INSTRUCTIONS FOR THE TASK:
Although the entries contain pictures, your copy should hold only their exact text.

::: PROVIDED DATA :::

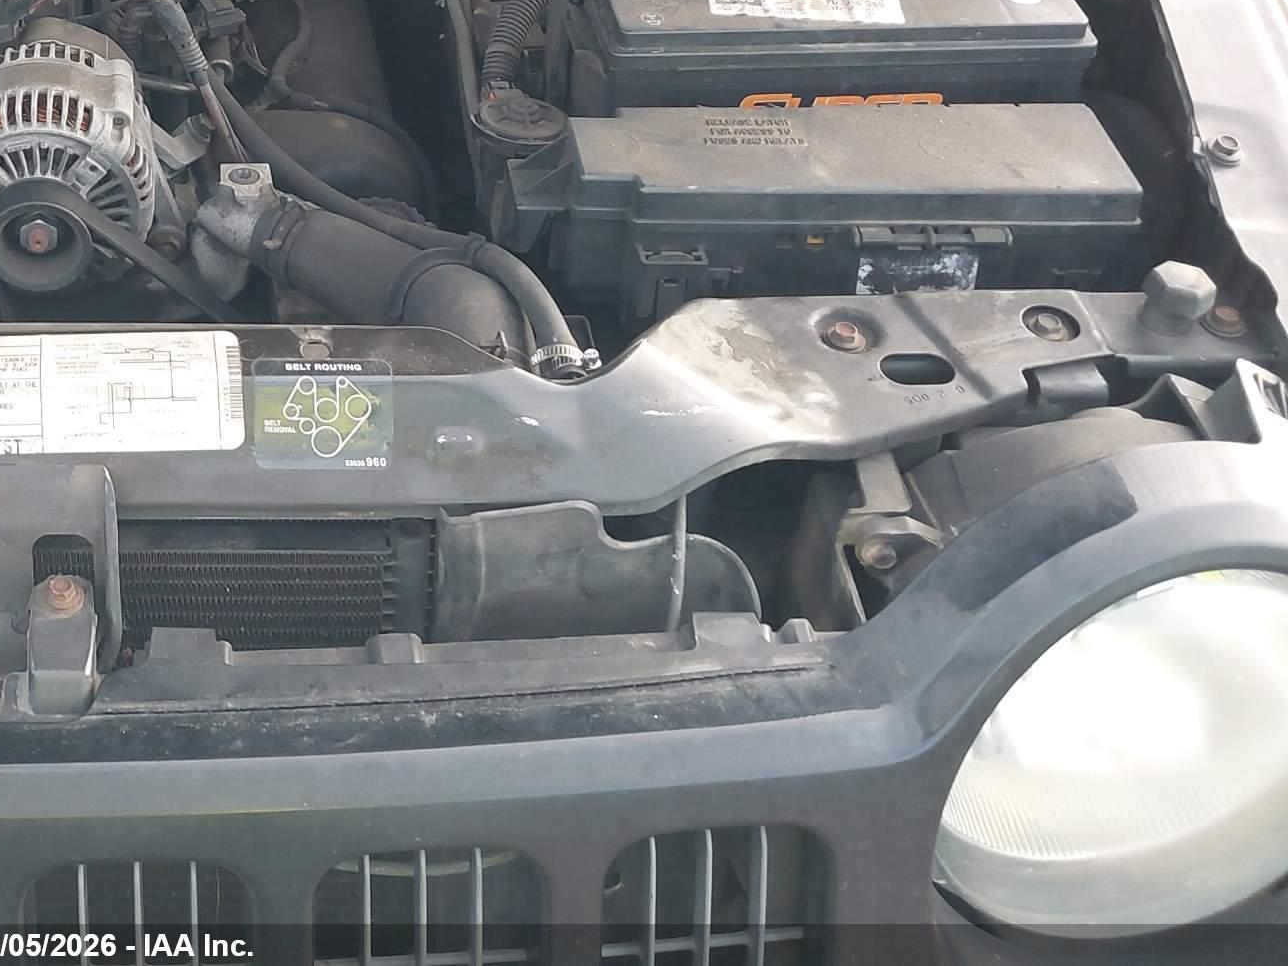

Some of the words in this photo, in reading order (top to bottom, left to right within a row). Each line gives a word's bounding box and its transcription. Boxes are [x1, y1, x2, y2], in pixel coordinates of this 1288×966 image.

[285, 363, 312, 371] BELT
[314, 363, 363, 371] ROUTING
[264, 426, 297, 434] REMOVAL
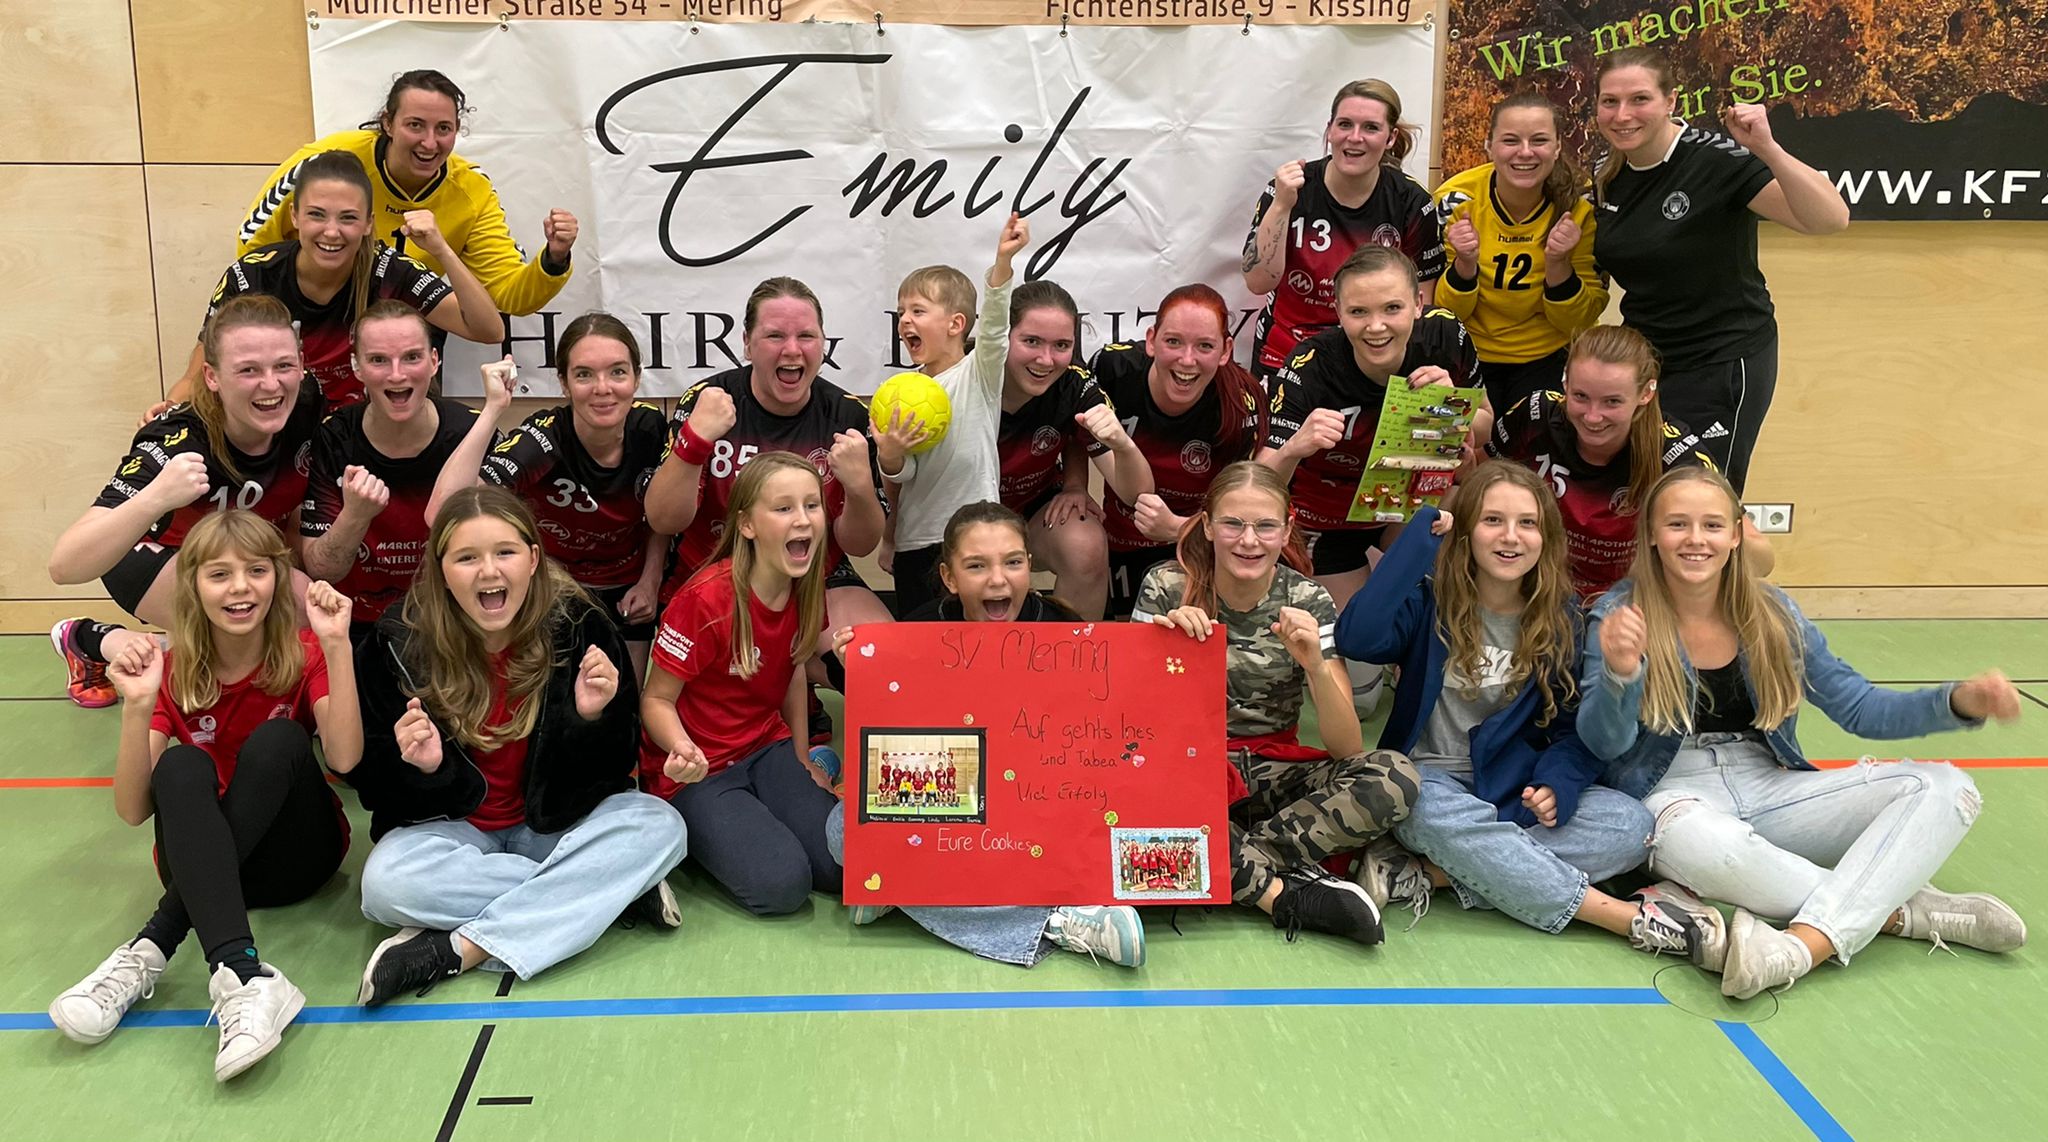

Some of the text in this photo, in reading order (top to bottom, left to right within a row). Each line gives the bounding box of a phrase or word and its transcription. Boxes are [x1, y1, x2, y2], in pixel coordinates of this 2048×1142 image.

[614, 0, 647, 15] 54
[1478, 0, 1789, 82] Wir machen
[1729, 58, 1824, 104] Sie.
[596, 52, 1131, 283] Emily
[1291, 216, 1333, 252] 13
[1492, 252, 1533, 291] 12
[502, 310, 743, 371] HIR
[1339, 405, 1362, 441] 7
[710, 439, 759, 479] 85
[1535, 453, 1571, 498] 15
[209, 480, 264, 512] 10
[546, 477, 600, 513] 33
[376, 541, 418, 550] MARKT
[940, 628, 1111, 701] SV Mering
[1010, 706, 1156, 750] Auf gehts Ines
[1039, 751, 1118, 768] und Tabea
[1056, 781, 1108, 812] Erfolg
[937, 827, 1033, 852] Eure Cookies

:::

SOLVED PROBLEM:
Some of the words in this photo, in reading order (top to bottom, left to right within a row). Each line gives a word's bounding box and its transcription. Boxes are [x1, y1, x2, y2], in pixel coordinates of this 1288×966 image.

[285, 363, 312, 371] BELT
[314, 363, 363, 371] ROUTING
[264, 426, 297, 434] REMOVAL

Some of the text in this photo, in reading order (top to bottom, left to right within a row). Each line gives the bounding box of a phrase or word and its transcription. Boxes are [x1, y1, x2, y2], in pixel coordinates of this 2048×1142 image.

[614, 0, 647, 15] 54
[1478, 0, 1789, 82] Wir machen
[1729, 58, 1824, 104] Sie.
[596, 52, 1131, 283] Emily
[1291, 216, 1333, 252] 13
[1492, 252, 1533, 291] 12
[502, 310, 743, 371] HIR
[1339, 405, 1362, 441] 7
[710, 439, 759, 479] 85
[1535, 453, 1571, 498] 15
[209, 480, 264, 512] 10
[546, 477, 600, 513] 33
[376, 541, 418, 550] MARKT
[940, 628, 1111, 701] SV Mering
[1010, 706, 1156, 750] Auf gehts Ines
[1039, 751, 1118, 768] und Tabea
[1056, 781, 1108, 812] Erfolg
[937, 827, 1033, 852] Eure Cookies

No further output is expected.